臨 時 休 業
22.岡崎城内・広忠の寝所
就寝中の寝所で突如、家臣達により取り押さえられ、切腹させられる広忠。抗う広忠の無念に満ちた顔。
N「その翌月、岡崎城内で異変が起きた。家臣達による広忠の誅殺である。その事実を人質に出された駿府の竹千代が知ろうはずがなかった」
23.駿府・今川館・広縁(漆黒の闇)[1.のあと]
F.I
元康の前へ参集する松平家の家臣団。次第に数を増し、息巻く家臣団。
テロップ 永禄三年
N「そして、時は流れた。今川義元の下知の下、その命を受けた元康が暗闇に放った火矢を合図に、松平家恩顧の家臣達がぞくぞくと広縁へ終結を始めた」
24.駿府城・今川館・元康差配の部屋・夜
部屋内に聞こえる家臣団[軍勢]の小さな喧噪。平八郎の理髪を終える石川数正。加冠の儀を行う元康。灯火に映る、若武者、平八郎の凛々しい姿。
N「出陣前の夜、平八郎は元服した」
元康「これでそちは、紛れもなく本多平八郎忠勝じゃ!」
平八郎「うれしきこと、この上もござりませぬ。この後(のち)は元康様をお守りいたし、ただ勝つことのみを心に刻みまする」
自身の烏帽子姿を盥(たらい)の水に映す平八郎。母のお昌が重い鎧兜(よろいかぶと)をかついで部屋へ入ってくる。元康の顔がほころぶ。
元康「おう! 母御か…。これが平八郎の晴れ姿じゃ」
お昌「若殿が烏帽子(えぼし)親になって下さるとは、ほんに冥加(みょうが)なこと。この上は本多家伝来の鎧を着せてやりとうござりまする」
元康「噂の黒鎧じゃな。わしも見たい!」
お昌「されば、とくとご覧あれ!」
得意げに鎧櫃(よろいびつ)の太紐を解き、鎧兜を意外な小力で取り出すお昌。平八郎に黒糸縅(くろいとおど)しの鎧を平八郎に装着させるお昌。平八郎の身にピタリと合う鎧。装着が済み、尻をポンと叩いて元康の前へ押し出すお昌。
お昌「若殿、これが本多宗家に伝わる三種の盾具(たてぐ)でございます」
元康「おう! 見事なリ、本多の士魂(さむらいだましい)!」
お昌「なれど、三種が揃(そろ)わねば盾の力なしとか。夫の忠高も瑪瑙(めのう)の大数珠(おおじゅず)をつけ忘れ、戦(いくさ)にて落命いたしました」
元康「さようであったか…。どうじゃ、平八郎。黒鎧の着心地は?」
平八郎「思いのほか、軽うござる。

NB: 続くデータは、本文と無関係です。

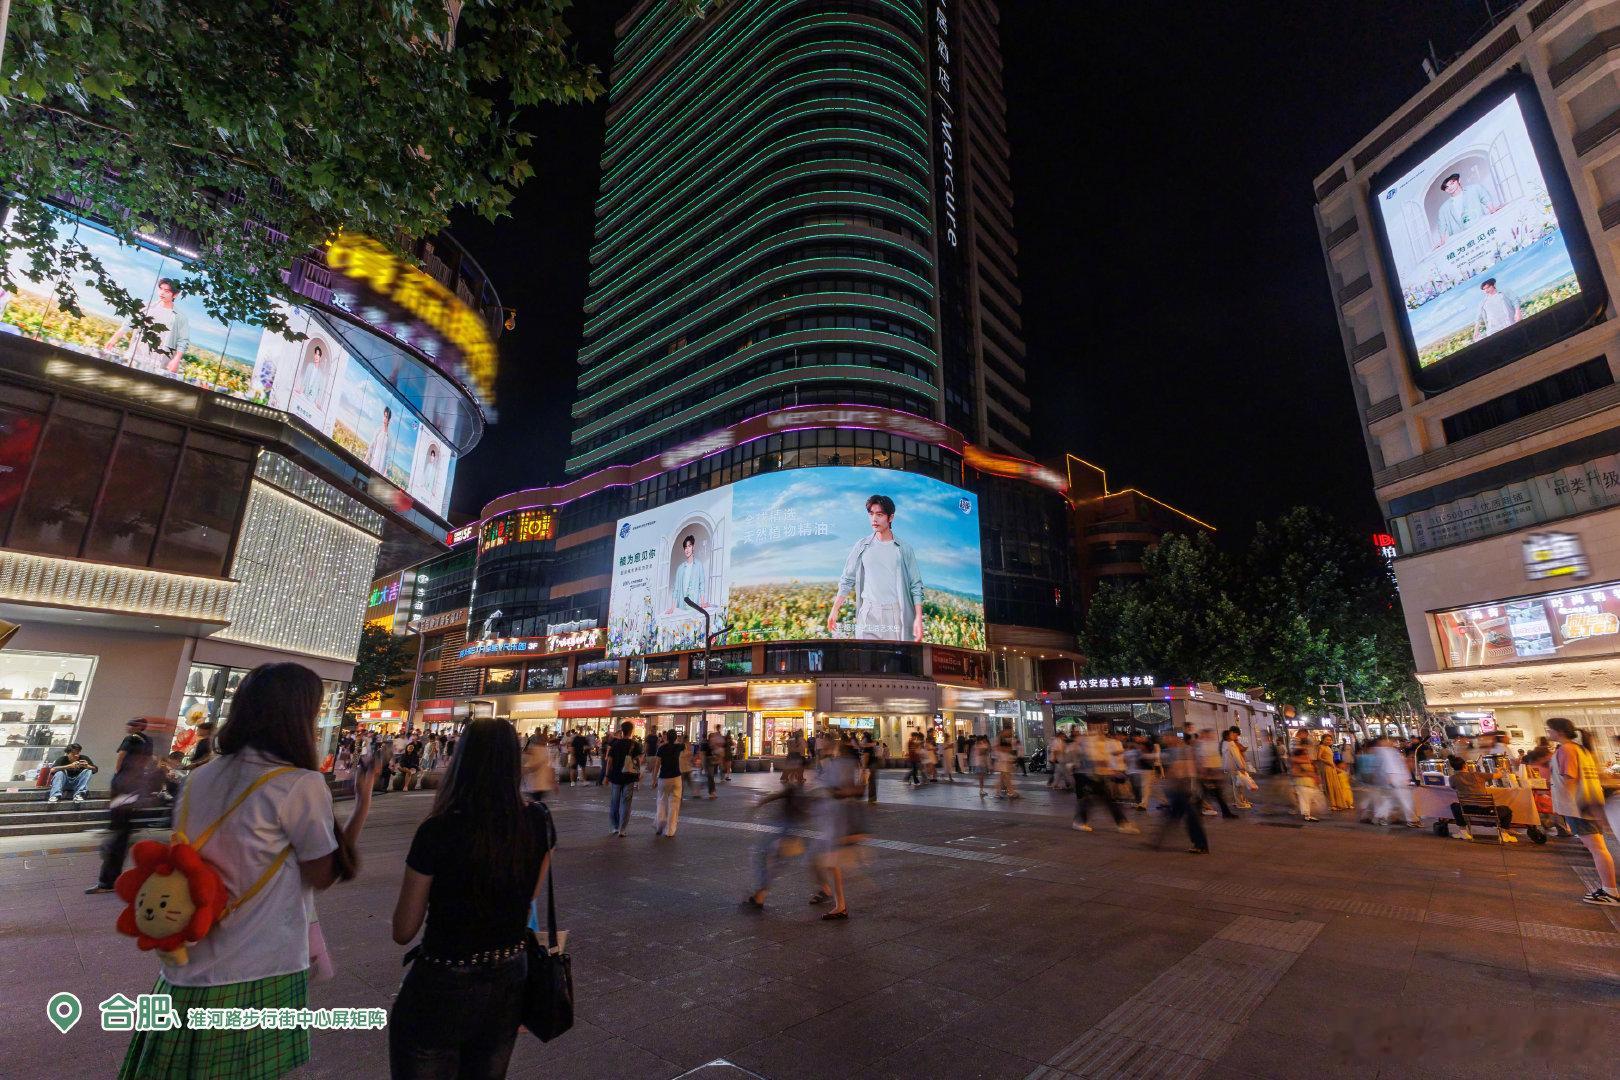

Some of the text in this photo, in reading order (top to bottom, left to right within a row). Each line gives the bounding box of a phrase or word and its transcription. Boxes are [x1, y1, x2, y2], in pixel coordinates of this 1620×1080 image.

これなら、いくらでも飛び回れまする…」
屈託のない笑みを浮かべ、板の間で跳ねる平八郎。
元康「その意気やよし! 戦場(いくさば)では、すばやく動けてこそ手柄を得られようというもの!」
平八郎「ははっ! しかと心にとどめまする!」
25.駿府城・今川館の外
火矢を合図に集結する元康の家臣団の人馬の群れ。
26.駿府城・今川館・元康差配の部屋・夜
元康「我が郎党の動きの迅(はや)きことよ…」
元康の傍に仕える石川数正の涙声。
数正「殿っ! 皆、この日を待ち望んでおったのです」
元康「長かったのう。この出陣で何かが変わろう…」
珍しく、きっぱりとした口調の元康。
N「今川義元の上洛により松平家の一党は初めて勢揃いを許されたのである」
元康「小荷駄奉行は酒井雅楽助(うたのすけ)に任せる。織田の横槍には目などくれず、大高へ兵糧を運び入れよ。数正、鳥居彦右衛門、松平正親は丸根砦に三方から攻め入れ。ただし、西口の坂道は開け、織田軍敗走の逃げ道とせよ。よいかっ! 無理攻めして将兵を失うでないぞっ!」
元康の周りを守る重臣達「ははっ!」
元康「平八郎、先祖伝来の黒鎧を締めなおせ。明日、進撃するっ!」
平八郎「ははっ! 殿のお傍に従いまするっ!」
元康「太刀をもてっ!」
元康の愛刀、正宗を元康に手渡す平八郎。広縁に立った元康、太刀を朱鞘から引き抜くと叢雲から漏れる一筋の月光に青ざめた刀身をかざし見る。